Records shown:

---------------

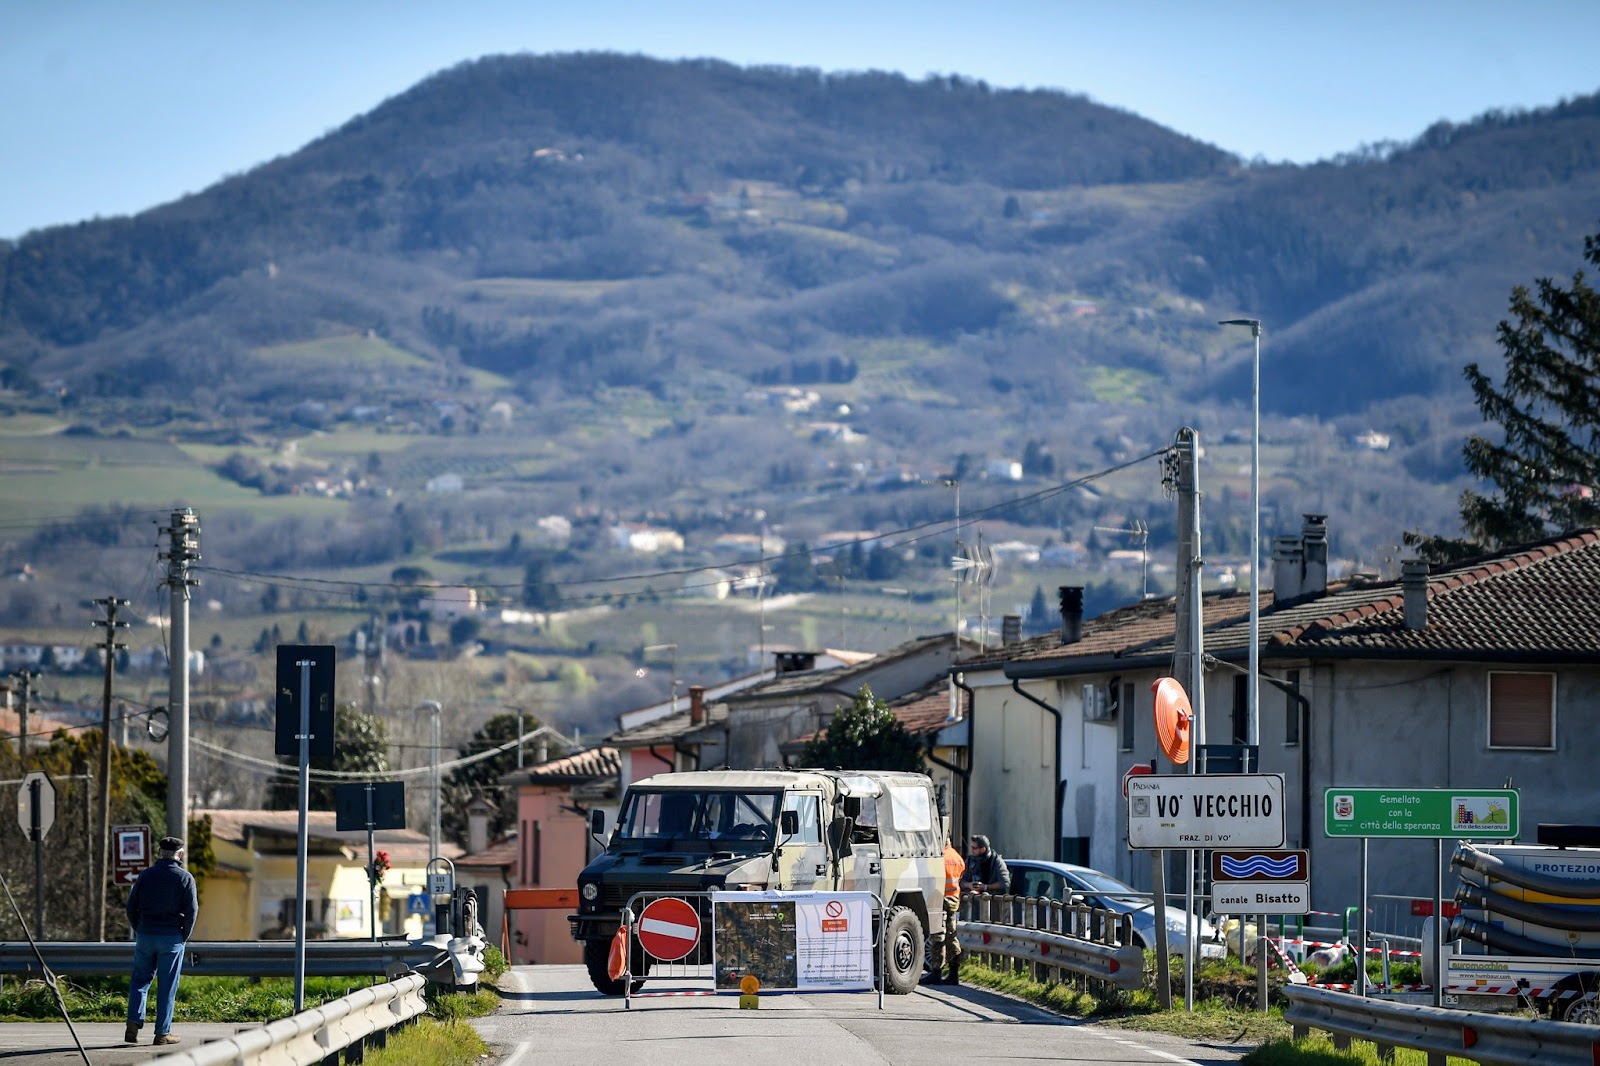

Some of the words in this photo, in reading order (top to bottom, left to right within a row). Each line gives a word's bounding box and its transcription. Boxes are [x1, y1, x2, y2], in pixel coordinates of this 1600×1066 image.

[1379, 794, 1421, 804] Gemellato
[1194, 794, 1272, 818] VECCHIO
[1404, 808, 1412, 817] la
[1360, 821, 1381, 830] città
[1382, 821, 1402, 830] della
[1404, 821, 1441, 831] speranza
[1179, 834, 1201, 842] FRAZ.
[1205, 834, 1213, 842] DI
[1218, 834, 1231, 842] VO'
[1220, 895, 1248, 904] canale
[1255, 893, 1301, 904] Bisatto
[1459, 972, 1511, 980] www.humbaur.com

---------------

What to work on: Return the full listing above exactly as written, and omit the pictures.

Expected answer:
Some of the words in this photo, in reading order (top to bottom, left to right within a row). Each line gives a word's bounding box and its transcription. Boxes are [x1, y1, x2, y2], in pixel coordinates of this 1600×1066 image.

[1379, 794, 1421, 804] Gemellato
[1194, 794, 1272, 818] VECCHIO
[1404, 808, 1412, 817] la
[1360, 821, 1381, 830] città
[1382, 821, 1402, 830] della
[1404, 821, 1441, 831] speranza
[1179, 834, 1201, 842] FRAZ.
[1205, 834, 1213, 842] DI
[1218, 834, 1231, 842] VO'
[1220, 895, 1248, 904] canale
[1255, 893, 1301, 904] Bisatto
[1459, 972, 1511, 980] www.humbaur.com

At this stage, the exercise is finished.